Figure 3. — Factors responsible for *pb28* 3′-UTR-mediated TR are exclusively present in female gametocytes. (A) Each panel shows: Left, a cartoon of the transgene introduced into *P. berghei*, centre representation of the FACS analysis of Hoechst and GFP fluorescence in red blood cells infected with transgenic *P. berghei*, right, representative bright field (top) and GFP fluorescent (bottom) images of the transgenic parasites. Upper panel: Blood stage parasites expressing GFP under control of the constitutive *ef-1αa* promoter and the *pb28* 3′-UTR. Infected blood with a parasitemia of 1.5% was stained with Hoechst-33258 to be able to distinguish between infected and non-infected erythrocyte population. 57% of the Hoechst-stained cells are GFP-positive (region II) demonstrating that asexual parasites express GFP. The non-GFP fluorescent parasites (region I) are mainly young ring forms that do not express GFP (25) Middle panel: Blood stage parasites expressing GFP under control of the female specific *ccp2* promoter and the *pb28* 3′-UTR. Both asexual parasites and gametocytes are GFP-negative. Lower panel: Infected red blood cells expressing GFP under control of the female specific *ccp2* promoter and the *dhfr/ts* 3′-UTR. Asexual parasites are GFP-negative and only gametocytes are GFP-positive (region II). (B) The two panels each show: cartoons of the transgene introduced into *P. berghei* and representative GFP fluorescence images of exflagellating male gametocytes. *Gfp* is expressed under control of the *pb28* 3′-UTR and the male specific promoter regions of either *α-tubulin II* (*α-tubII*) (top) or *pb000791.03.0* (bottom) showing the lack of TR in male gametocytes.

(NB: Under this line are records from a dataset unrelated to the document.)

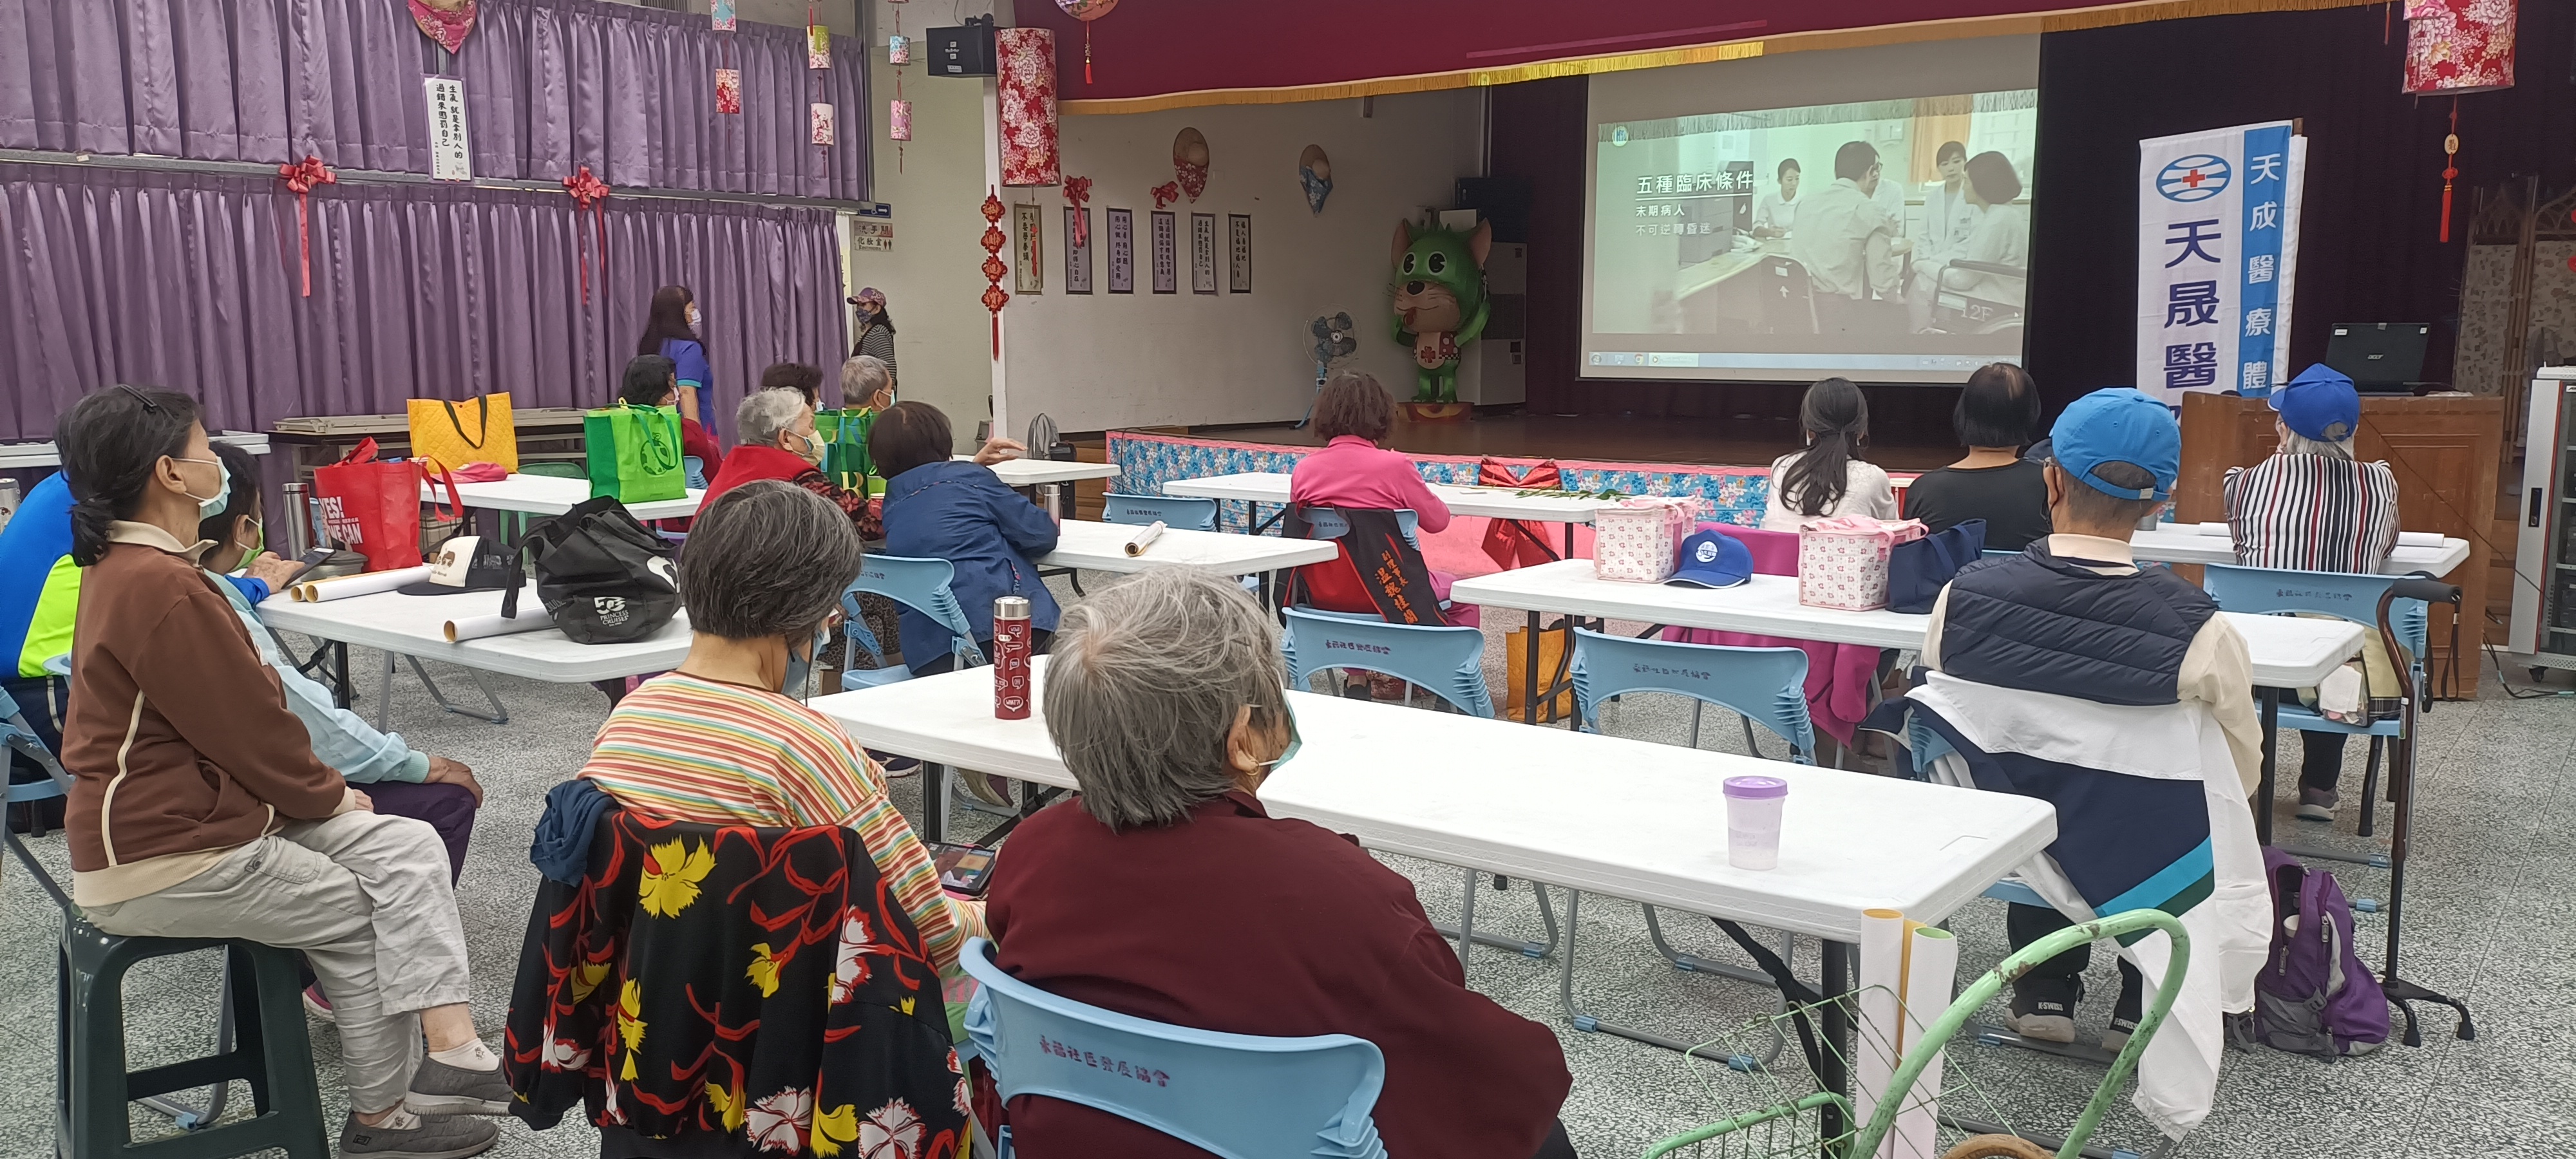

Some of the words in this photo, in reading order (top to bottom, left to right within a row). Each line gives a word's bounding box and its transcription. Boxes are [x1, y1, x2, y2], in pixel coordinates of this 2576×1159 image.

[1636, 170, 1754, 194] 五種臨床條件
[1636, 203, 1685, 218] 末期病人
[319, 496, 345, 519] YES!
[341, 523, 363, 545] CAN
[600, 610, 629, 621] PRINCESS
[602, 615, 629, 625] CRUISES
[2038, 1001, 2063, 1011] K-SWISS
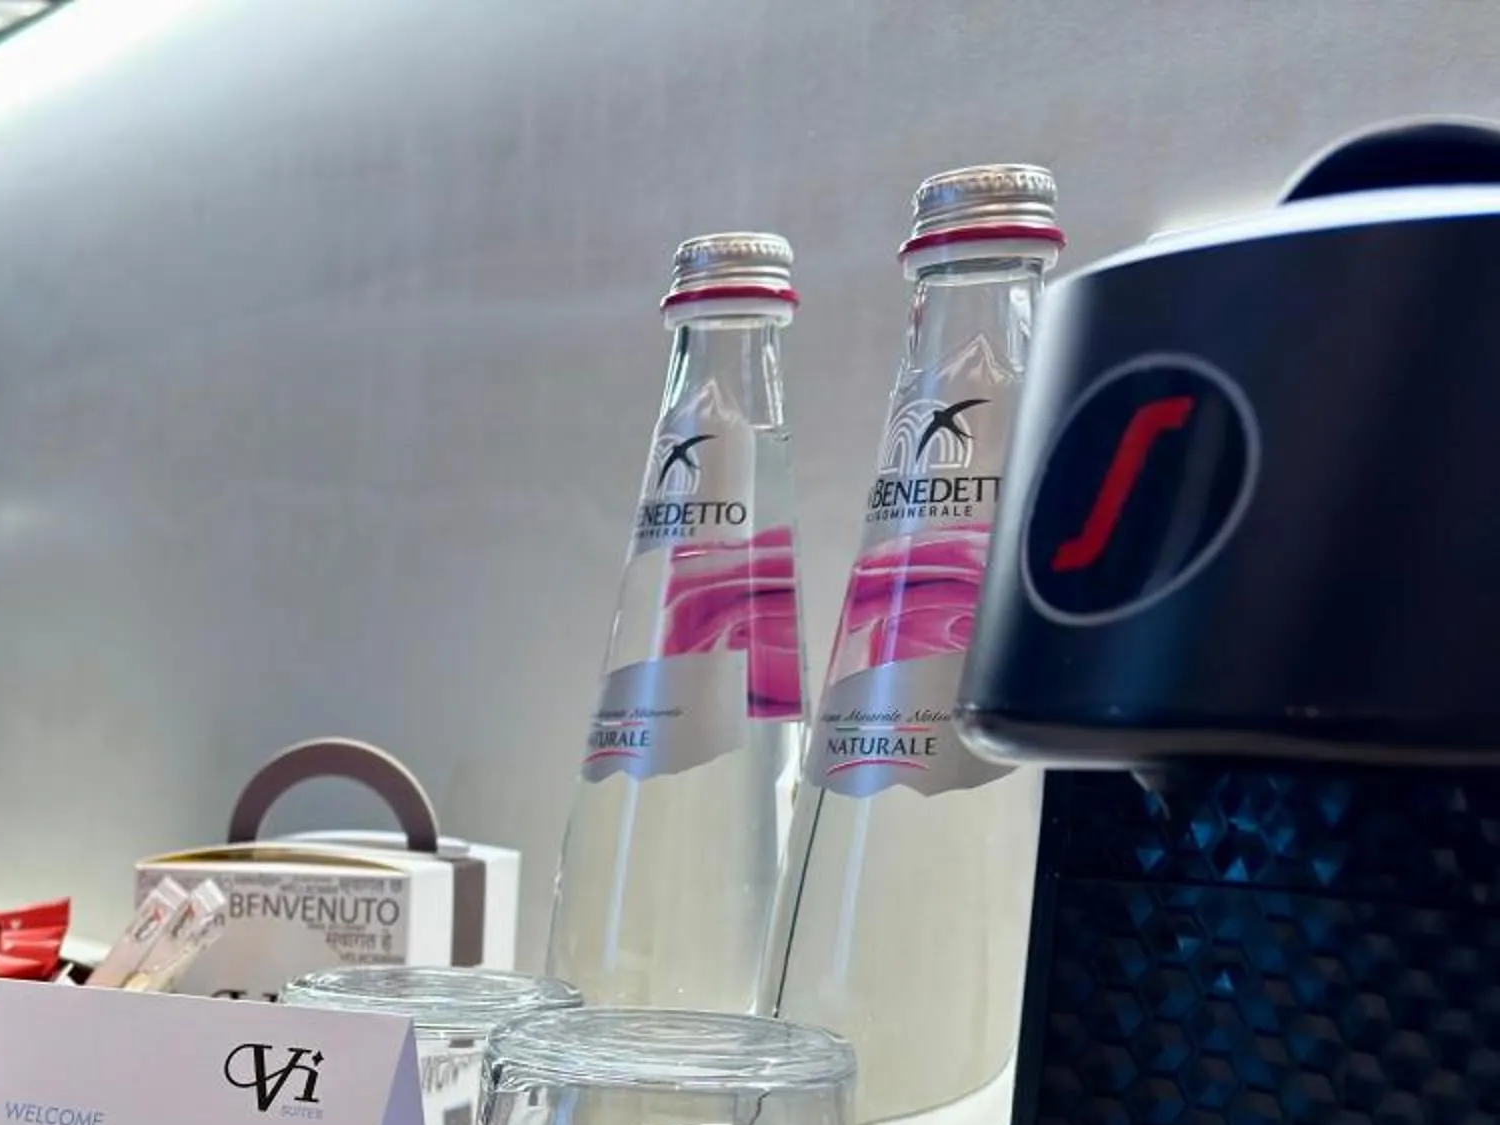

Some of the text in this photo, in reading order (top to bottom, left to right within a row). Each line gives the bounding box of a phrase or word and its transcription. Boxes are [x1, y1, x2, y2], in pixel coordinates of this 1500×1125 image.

[872, 477, 1002, 509] BENEDETT
[826, 736, 938, 756] NATURALE
[229, 893, 400, 926] BENVENUTO
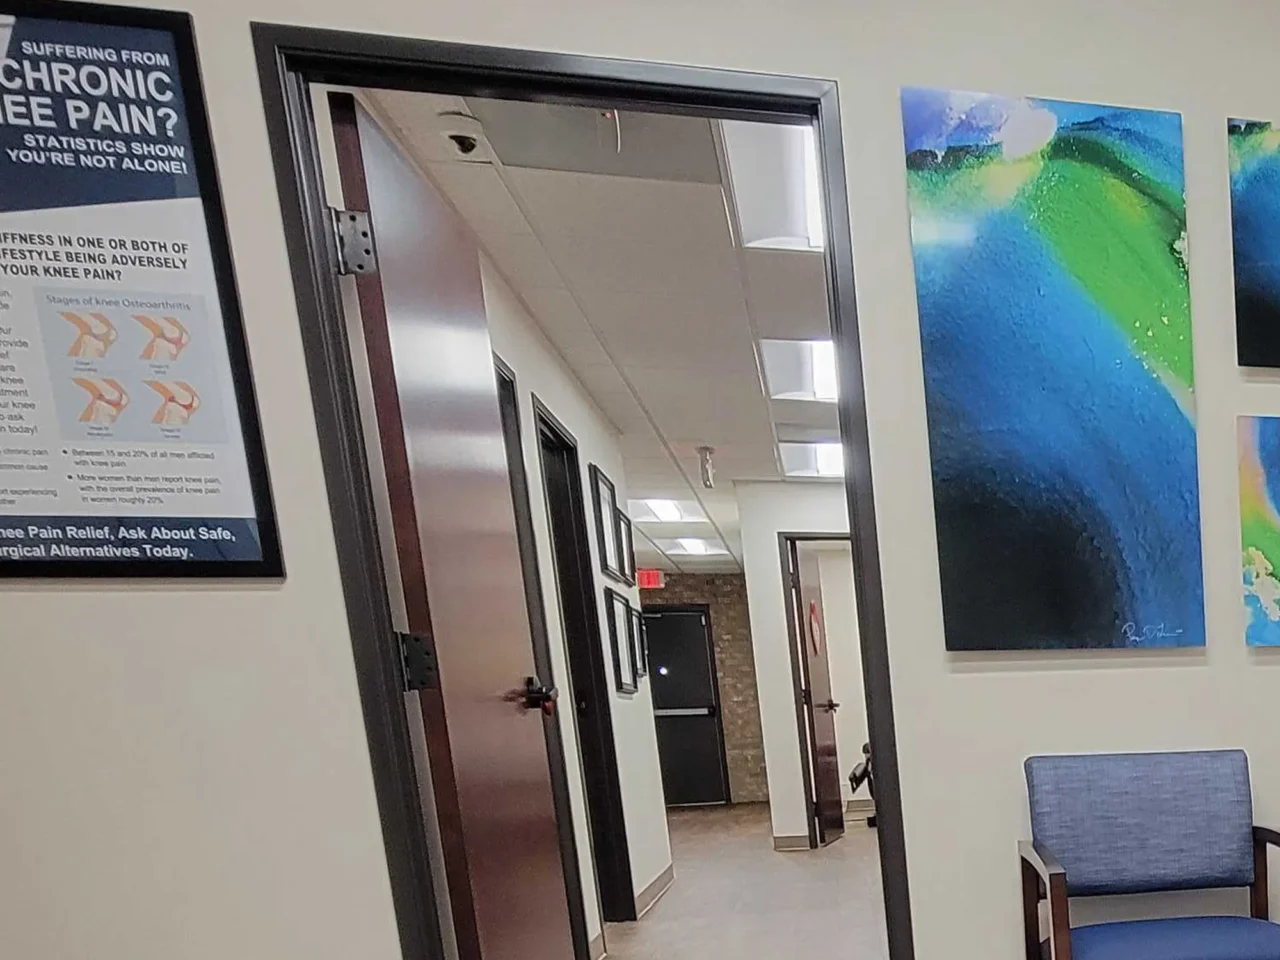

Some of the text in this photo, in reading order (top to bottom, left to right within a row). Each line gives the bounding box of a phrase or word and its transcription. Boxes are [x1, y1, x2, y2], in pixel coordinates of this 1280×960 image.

[21, 41, 170, 67] SUFFERING FROM
[0, 57, 174, 101] CHRONIC
[0, 94, 179, 138] EE PAIN?
[24, 133, 185, 158] STATISTICS SHOW
[7, 149, 189, 175] YOU'RE NOT ALONE!
[58, 235, 73, 247] IN
[77, 236, 105, 249] ONE
[109, 238, 127, 251] OR
[131, 240, 168, 253] BOTH
[172, 242, 189, 254] OF
[0, 248, 188, 270] FESTYLE BEING ADVERSELY
[0, 263, 122, 281] YOUR KNEE PAIN?
[28, 525, 60, 539] Pain
[66, 526, 115, 541] Relief,
[118, 526, 147, 540] Ask
[150, 527, 196, 540] About
[198, 526, 236, 542] Safe,
[50, 544, 140, 558] Alternatives
[142, 544, 194, 560] Today.

Specific conserved regions in the pb28 3′-UTR contribute to TR in gametocytes

The functional role of the 47 nt U-rich element identified in the 3′-UTR of transcripts undergoing TR (24) was investigated. The 3′-UTR of pb28 was divided into three regions (Figure 4A) defined as I (5′ to the 47 nt element), II (the 47 nt element) and III (3′ to the 47 nt element). Eight reporter parasite lines were tested in which gfp was under the control of the ccp2 promoter but contained versions of the pb28 3′-UTR that either lack a region or in which regions are replaced with parts or the whole of the 3′-UTR of other genes. Deletion of region I (transcript iv) or region II (transcript i) from the pb28 3′-UTR resulted in a complete loss of control of TR whereas substitution of region III with the dhfr/ts 3′-UTR (transcript ii) had no effect on the capacity of female gametocytes to silence the GFP expression (Figure 4A–D).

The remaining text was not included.